> Available data
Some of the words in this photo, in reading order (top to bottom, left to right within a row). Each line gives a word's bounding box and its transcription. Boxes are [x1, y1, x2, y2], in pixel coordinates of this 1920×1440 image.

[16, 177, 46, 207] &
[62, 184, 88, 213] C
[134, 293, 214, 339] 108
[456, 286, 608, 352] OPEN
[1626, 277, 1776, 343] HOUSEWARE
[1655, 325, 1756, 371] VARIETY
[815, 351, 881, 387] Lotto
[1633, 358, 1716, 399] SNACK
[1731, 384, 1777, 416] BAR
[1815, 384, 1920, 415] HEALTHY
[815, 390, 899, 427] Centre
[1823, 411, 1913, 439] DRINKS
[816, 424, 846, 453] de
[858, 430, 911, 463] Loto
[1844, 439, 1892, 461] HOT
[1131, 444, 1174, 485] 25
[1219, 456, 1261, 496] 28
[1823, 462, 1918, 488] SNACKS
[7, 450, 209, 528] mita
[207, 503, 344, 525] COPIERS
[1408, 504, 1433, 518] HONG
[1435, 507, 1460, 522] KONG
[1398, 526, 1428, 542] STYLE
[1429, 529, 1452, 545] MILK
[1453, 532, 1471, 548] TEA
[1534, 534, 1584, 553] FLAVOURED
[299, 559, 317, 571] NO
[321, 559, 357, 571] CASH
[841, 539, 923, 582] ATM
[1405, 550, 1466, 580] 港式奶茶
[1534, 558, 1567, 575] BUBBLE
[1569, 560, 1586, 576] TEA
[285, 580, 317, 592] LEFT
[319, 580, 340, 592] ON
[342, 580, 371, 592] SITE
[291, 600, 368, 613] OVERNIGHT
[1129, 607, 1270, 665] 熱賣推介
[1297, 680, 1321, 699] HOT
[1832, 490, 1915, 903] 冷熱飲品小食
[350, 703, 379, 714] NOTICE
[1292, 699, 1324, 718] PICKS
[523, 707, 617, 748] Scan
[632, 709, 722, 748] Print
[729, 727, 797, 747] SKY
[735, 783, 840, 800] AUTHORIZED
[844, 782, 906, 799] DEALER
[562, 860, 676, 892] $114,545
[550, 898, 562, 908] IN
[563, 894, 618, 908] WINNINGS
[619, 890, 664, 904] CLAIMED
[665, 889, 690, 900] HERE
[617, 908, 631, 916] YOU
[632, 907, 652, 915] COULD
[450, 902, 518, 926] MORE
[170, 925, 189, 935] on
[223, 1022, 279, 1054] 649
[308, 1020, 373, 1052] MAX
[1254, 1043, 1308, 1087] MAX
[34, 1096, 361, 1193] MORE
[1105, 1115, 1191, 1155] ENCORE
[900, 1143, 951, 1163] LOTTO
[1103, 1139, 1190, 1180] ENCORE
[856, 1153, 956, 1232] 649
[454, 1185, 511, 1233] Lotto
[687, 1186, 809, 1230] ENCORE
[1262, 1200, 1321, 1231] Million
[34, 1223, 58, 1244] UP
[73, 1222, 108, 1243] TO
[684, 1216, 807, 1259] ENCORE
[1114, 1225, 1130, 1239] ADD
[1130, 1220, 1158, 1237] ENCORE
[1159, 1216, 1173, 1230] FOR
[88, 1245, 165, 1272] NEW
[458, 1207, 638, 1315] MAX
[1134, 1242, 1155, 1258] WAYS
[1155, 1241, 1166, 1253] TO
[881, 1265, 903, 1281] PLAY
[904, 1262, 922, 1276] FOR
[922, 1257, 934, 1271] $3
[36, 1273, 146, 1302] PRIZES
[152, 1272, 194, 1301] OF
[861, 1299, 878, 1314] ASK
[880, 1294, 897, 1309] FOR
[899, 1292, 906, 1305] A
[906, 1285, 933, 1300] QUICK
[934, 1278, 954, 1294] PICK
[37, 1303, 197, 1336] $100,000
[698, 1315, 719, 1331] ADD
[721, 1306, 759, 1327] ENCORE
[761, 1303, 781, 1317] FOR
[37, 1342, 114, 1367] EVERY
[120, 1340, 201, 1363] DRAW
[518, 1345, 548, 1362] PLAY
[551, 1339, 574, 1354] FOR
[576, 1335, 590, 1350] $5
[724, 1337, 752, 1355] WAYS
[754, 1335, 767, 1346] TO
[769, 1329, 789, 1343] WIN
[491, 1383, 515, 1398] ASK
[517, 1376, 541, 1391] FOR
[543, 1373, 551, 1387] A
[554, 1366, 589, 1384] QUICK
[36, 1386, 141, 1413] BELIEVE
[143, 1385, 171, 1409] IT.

> Task instructions
The entries are to be transcribed exactly, each line in full.

> Answer to this task
Some of the words in this photo, in reading order (top to bottom, left to right within a row). Each line gives a word's bounding box and its transcription. Boxes are [x1, y1, x2, y2], in pixel coordinates of this 1920×1440 image.

[16, 177, 46, 207] &
[62, 184, 88, 213] C
[134, 293, 214, 339] 108
[456, 286, 608, 352] OPEN
[1626, 277, 1776, 343] HOUSEWARE
[1655, 325, 1756, 371] VARIETY
[815, 351, 881, 387] Lotto
[1633, 358, 1716, 399] SNACK
[1731, 384, 1777, 416] BAR
[1815, 384, 1920, 415] HEALTHY
[815, 390, 899, 427] Centre
[1823, 411, 1913, 439] DRINKS
[816, 424, 846, 453] de
[858, 430, 911, 463] Loto
[1844, 439, 1892, 461] HOT
[1131, 444, 1174, 485] 25
[1219, 456, 1261, 496] 28
[1823, 462, 1918, 488] SNACKS
[7, 450, 209, 528] mita
[207, 503, 344, 525] COPIERS
[1408, 504, 1433, 518] HONG
[1435, 507, 1460, 522] KONG
[1398, 526, 1428, 542] STYLE
[1429, 529, 1452, 545] MILK
[1453, 532, 1471, 548] TEA
[1534, 534, 1584, 553] FLAVOURED
[299, 559, 317, 571] NO
[321, 559, 357, 571] CASH
[841, 539, 923, 582] ATM
[1405, 550, 1466, 580] 港式奶茶
[1534, 558, 1567, 575] BUBBLE
[1569, 560, 1586, 576] TEA
[285, 580, 317, 592] LEFT
[319, 580, 340, 592] ON
[342, 580, 371, 592] SITE
[291, 600, 368, 613] OVERNIGHT
[1129, 607, 1270, 665] 熱賣推介
[1297, 680, 1321, 699] HOT
[1832, 490, 1915, 903] 冷熱飲品小食
[350, 703, 379, 714] NOTICE
[1292, 699, 1324, 718] PICKS
[523, 707, 617, 748] Scan
[632, 709, 722, 748] Print
[729, 727, 797, 747] SKY
[735, 783, 840, 800] AUTHORIZED
[844, 782, 906, 799] DEALER
[562, 860, 676, 892] $114,545
[550, 898, 562, 908] IN
[563, 894, 618, 908] WINNINGS
[619, 890, 664, 904] CLAIMED
[665, 889, 690, 900] HERE
[617, 908, 631, 916] YOU
[632, 907, 652, 915] COULD
[450, 902, 518, 926] MORE
[170, 925, 189, 935] on
[223, 1022, 279, 1054] 649
[308, 1020, 373, 1052] MAX
[1254, 1043, 1308, 1087] MAX
[34, 1096, 361, 1193] MORE
[1105, 1115, 1191, 1155] ENCORE
[900, 1143, 951, 1163] LOTTO
[1103, 1139, 1190, 1180] ENCORE
[856, 1153, 956, 1232] 649
[454, 1185, 511, 1233] Lotto
[687, 1186, 809, 1230] ENCORE
[1262, 1200, 1321, 1231] Million
[34, 1223, 58, 1244] UP
[73, 1222, 108, 1243] TO
[684, 1216, 807, 1259] ENCORE
[1114, 1225, 1130, 1239] ADD
[1130, 1220, 1158, 1237] ENCORE
[1159, 1216, 1173, 1230] FOR
[88, 1245, 165, 1272] NEW
[458, 1207, 638, 1315] MAX
[1134, 1242, 1155, 1258] WAYS
[1155, 1241, 1166, 1253] TO
[881, 1265, 903, 1281] PLAY
[904, 1262, 922, 1276] FOR
[922, 1257, 934, 1271] $3
[36, 1273, 146, 1302] PRIZES
[152, 1272, 194, 1301] OF
[861, 1299, 878, 1314] ASK
[880, 1294, 897, 1309] FOR
[899, 1292, 906, 1305] A
[906, 1285, 933, 1300] QUICK
[934, 1278, 954, 1294] PICK
[37, 1303, 197, 1336] $100,000
[698, 1315, 719, 1331] ADD
[721, 1306, 759, 1327] ENCORE
[761, 1303, 781, 1317] FOR
[37, 1342, 114, 1367] EVERY
[120, 1340, 201, 1363] DRAW
[518, 1345, 548, 1362] PLAY
[551, 1339, 574, 1354] FOR
[576, 1335, 590, 1350] $5
[724, 1337, 752, 1355] WAYS
[754, 1335, 767, 1346] TO
[769, 1329, 789, 1343] WIN
[491, 1383, 515, 1398] ASK
[517, 1376, 541, 1391] FOR
[543, 1373, 551, 1387] A
[554, 1366, 589, 1384] QUICK
[36, 1386, 141, 1413] BELIEVE
[143, 1385, 171, 1409] IT.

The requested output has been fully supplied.